Previous worst-case scenario of increases in maximum water levels can be revised down from 4.2 metres to 2.7 metres.

Such a reduction in worst-case scenario for this century means that a tide-excluding estuary barrage is unlikely to be necessary to manage flood risk this century.

The research also suggests that a surge in water levels in the Thames estuary from North Sea storms will not be as frequent or extreme as previously feared.

Behind the Thames barrier, the water could flow higher and faster than it does now - in Kingston, just West of London, for example, peak flow could be 40% higher than today by 2080.

Speaking about the results, Dr Jason Lowe, head of mitigation at the Met Office, said: "Having greater clarity on things such as storm-surge frequency is tremendously valuable and not just from a scientific point of view. This research will help to direct investment where it is most needed to manage the impacts of climate change."

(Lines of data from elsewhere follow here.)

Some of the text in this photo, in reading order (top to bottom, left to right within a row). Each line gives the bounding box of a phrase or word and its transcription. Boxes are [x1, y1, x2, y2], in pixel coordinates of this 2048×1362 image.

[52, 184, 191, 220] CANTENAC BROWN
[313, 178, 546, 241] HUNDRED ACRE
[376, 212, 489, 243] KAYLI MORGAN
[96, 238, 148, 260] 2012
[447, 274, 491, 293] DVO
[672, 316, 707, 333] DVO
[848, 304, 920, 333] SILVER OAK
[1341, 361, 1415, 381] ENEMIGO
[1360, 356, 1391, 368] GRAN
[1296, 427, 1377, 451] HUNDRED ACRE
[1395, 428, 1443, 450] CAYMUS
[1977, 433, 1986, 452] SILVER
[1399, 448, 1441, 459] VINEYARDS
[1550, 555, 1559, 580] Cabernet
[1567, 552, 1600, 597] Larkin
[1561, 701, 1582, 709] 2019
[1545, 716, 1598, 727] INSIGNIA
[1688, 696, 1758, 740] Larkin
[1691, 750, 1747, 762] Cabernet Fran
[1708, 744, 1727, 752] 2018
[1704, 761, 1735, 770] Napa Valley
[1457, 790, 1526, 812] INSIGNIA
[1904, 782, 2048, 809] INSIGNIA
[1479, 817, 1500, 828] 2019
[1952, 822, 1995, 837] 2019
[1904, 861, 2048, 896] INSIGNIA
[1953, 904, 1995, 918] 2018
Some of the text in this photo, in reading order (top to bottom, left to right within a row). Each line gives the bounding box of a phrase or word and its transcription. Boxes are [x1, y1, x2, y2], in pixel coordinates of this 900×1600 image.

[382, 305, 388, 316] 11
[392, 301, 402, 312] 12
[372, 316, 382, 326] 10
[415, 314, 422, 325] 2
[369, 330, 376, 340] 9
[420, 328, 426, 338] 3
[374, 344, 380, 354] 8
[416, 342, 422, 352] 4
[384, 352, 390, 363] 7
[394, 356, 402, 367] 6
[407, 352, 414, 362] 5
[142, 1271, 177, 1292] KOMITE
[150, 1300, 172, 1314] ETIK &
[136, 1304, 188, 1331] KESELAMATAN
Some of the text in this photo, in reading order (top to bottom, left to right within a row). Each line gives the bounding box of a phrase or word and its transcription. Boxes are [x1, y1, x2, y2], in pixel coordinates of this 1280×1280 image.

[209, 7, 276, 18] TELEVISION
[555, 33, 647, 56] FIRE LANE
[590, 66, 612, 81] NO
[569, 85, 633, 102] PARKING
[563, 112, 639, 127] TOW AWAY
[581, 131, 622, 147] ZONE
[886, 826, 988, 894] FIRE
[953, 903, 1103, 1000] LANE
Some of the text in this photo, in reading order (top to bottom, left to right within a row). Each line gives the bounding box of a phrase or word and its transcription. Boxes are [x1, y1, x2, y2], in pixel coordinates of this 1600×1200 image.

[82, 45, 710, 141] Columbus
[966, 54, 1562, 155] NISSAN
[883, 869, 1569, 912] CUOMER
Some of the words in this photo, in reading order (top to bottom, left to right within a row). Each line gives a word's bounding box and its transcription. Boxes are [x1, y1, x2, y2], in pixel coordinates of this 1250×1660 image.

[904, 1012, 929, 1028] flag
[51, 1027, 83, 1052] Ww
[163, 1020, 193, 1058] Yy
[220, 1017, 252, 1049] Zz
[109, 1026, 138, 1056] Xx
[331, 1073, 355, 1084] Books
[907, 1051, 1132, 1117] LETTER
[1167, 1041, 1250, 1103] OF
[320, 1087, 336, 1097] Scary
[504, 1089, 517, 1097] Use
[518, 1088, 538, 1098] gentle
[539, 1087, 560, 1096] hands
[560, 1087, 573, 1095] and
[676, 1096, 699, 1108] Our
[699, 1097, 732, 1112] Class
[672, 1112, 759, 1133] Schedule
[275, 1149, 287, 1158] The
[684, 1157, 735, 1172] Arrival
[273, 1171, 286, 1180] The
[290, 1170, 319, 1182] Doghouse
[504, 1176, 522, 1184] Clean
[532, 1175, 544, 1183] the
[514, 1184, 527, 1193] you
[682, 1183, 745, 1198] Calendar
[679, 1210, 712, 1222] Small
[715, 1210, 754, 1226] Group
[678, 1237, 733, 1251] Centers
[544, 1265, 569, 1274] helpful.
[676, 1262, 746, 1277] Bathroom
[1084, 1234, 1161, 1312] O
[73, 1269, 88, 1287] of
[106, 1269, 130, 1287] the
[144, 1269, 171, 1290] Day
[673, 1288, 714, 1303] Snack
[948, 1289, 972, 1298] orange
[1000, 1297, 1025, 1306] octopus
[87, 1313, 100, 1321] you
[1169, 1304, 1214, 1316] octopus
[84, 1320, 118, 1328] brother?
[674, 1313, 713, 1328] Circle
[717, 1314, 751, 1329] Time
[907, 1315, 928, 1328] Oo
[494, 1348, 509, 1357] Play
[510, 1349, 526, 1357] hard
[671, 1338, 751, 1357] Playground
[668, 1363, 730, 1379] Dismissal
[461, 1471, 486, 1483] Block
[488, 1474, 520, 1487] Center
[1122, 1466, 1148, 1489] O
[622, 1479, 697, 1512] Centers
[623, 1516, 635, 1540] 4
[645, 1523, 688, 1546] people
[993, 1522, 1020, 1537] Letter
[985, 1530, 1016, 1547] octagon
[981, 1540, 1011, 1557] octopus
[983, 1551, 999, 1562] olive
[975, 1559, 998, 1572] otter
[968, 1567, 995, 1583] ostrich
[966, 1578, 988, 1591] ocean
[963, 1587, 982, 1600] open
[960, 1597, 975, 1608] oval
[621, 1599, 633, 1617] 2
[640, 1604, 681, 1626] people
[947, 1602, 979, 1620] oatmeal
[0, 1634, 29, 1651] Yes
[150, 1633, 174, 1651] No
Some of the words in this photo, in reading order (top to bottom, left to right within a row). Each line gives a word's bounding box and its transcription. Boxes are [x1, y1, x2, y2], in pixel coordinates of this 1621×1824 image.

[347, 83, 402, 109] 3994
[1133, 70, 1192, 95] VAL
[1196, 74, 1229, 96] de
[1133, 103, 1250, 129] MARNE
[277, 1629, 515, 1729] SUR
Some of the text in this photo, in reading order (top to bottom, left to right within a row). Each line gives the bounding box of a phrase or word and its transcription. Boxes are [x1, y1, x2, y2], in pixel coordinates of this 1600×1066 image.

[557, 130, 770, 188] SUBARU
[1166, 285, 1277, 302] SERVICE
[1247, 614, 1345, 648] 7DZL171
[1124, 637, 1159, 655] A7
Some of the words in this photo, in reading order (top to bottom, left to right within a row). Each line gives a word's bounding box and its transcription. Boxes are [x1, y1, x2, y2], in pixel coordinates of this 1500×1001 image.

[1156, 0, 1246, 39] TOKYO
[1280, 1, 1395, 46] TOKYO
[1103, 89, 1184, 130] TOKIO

Tim Reeder, Regional climate change programme manager for the Environment Agency Thames Region said: "This research enables the Environment Agency to continue to plan flood management investment with confidence.

"By narrowing previous uncertainty we now have an improved understanding of how climate change will affect the Thames Estuary and can develop realistic and cost-effective options, which will meet future needs.

"These are cutting-edge results and demonstrate the value of the Government engaging with the world-class scientists we have here in the UK."

The Environment Agency commissioned climate scientists from the Met Office Hadley Centre, the Proudman Oceanographic Laboratory and the Centre for Ecology and Hydrology to investigate what impact climate change will have on the area over the next 100 years.

All those figures, however, only add up – and even then not necessarily – if the temperatures will continue to rise which, so it would appear, they have not done for the last 6 or so years and if we do not, in fact, start to go into a cooling period, as predicted by the Old Farmers' Almanac, for instance.

The suggestion that the temperatures have plateaued out and have not rise also give credence to the coming cooling and even mini ice age theory and prediction. This is, in fact, a way the Earth has been running for ever, so it would appear, and from observations that most of the scientists with an agenda seem not to wish to see, this has been so ate least for the last three millennia. There was a warm tp hot period during the times of the Romans in Britain and then during the time of the arrival of the Vikings in Newfoundland, which they called Vinland on the account of the sweet dark red grapes growing there. After each of those periods the Earth went rather more or less rapidly back into cooling and the results were mini ice ages, like then ones when the River Thames was frozen that solid that ice fairs were held on it.

The biggest problem mankind is facing is the fact that we may, more than likely, be unable to actually do anything about the Climate Change that is upon us, whether rising temperatures – though apparently, as said they know longer do so – or falling ones.

Presently we seem to have entered a most wobbly period in the Earth's climate cycles and we, more than likely, will be experiencing ongoing shifts in weather patterns and we will have to simply learn to live with it which, at the same time, reducing our impact on the environment and the Earth as a whole. We simply cannot go on living as if every resource is infinite.

For much of it we may have to go back to the future in order to actually progress and make our planet one that we can pass on to our children and children's children. We must celan it up and then some more.